The problem:
What you return must match the listing below line for line, minus its pictures.
Supplied entries START
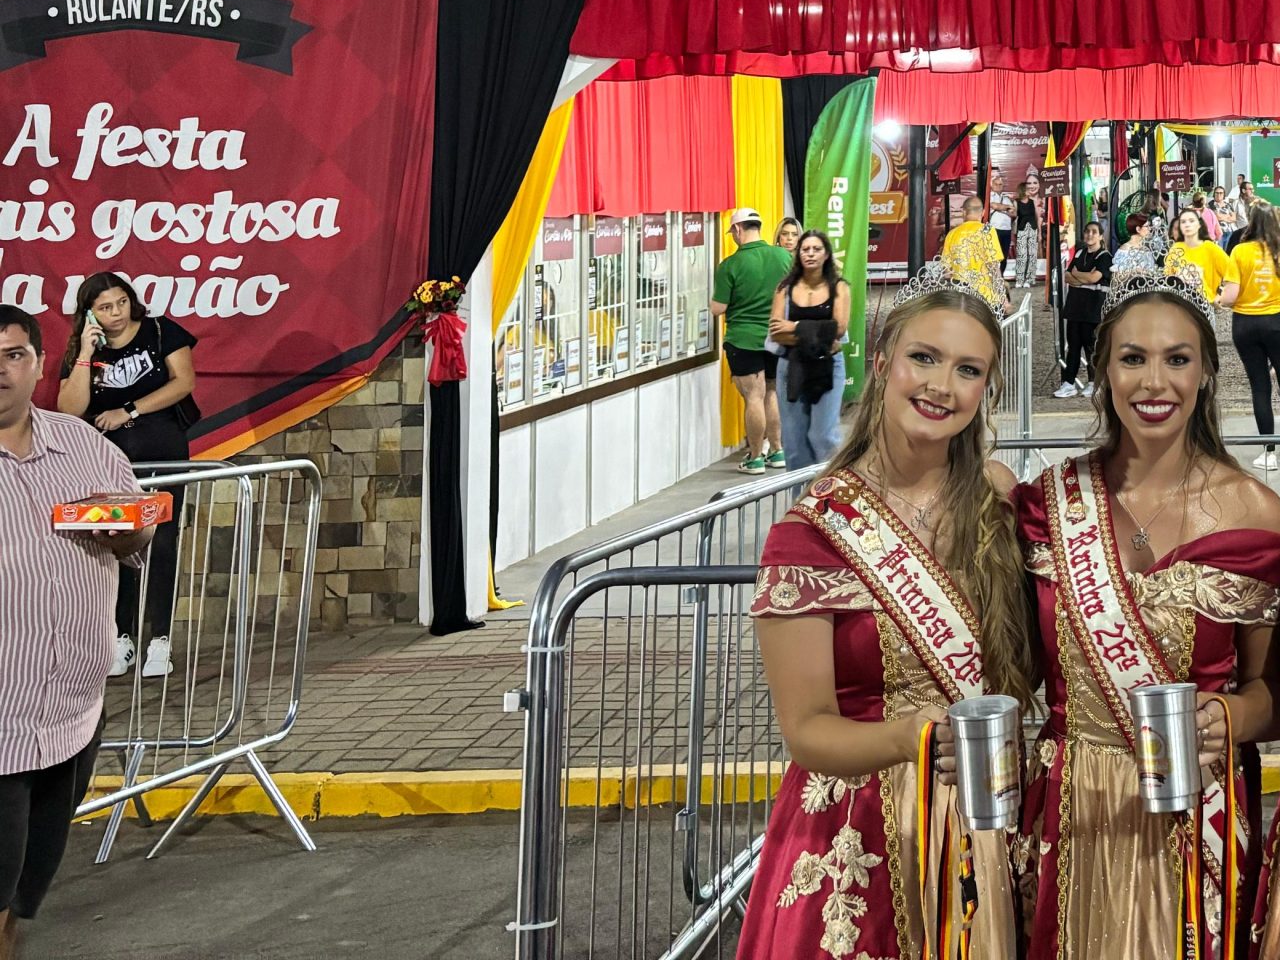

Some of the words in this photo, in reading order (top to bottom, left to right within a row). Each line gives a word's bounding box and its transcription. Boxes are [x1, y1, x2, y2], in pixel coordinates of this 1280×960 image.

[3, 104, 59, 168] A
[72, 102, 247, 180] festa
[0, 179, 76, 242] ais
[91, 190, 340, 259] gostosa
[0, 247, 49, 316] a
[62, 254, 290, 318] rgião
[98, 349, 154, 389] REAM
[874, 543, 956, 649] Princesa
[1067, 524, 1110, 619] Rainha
Supplied entries END
Exercise solution:
Some of the words in this photo, in reading order (top to bottom, left to right within a row). Each line gives a word's bounding box and its transcription. Boxes are [x1, y1, x2, y2], in pixel coordinates of this 1280×960 image.

[3, 104, 59, 168] A
[72, 102, 247, 180] festa
[0, 179, 76, 242] ais
[91, 190, 340, 259] gostosa
[0, 247, 49, 316] a
[62, 254, 290, 318] rgião
[98, 349, 154, 389] REAM
[874, 543, 956, 649] Princesa
[1067, 524, 1110, 619] Rainha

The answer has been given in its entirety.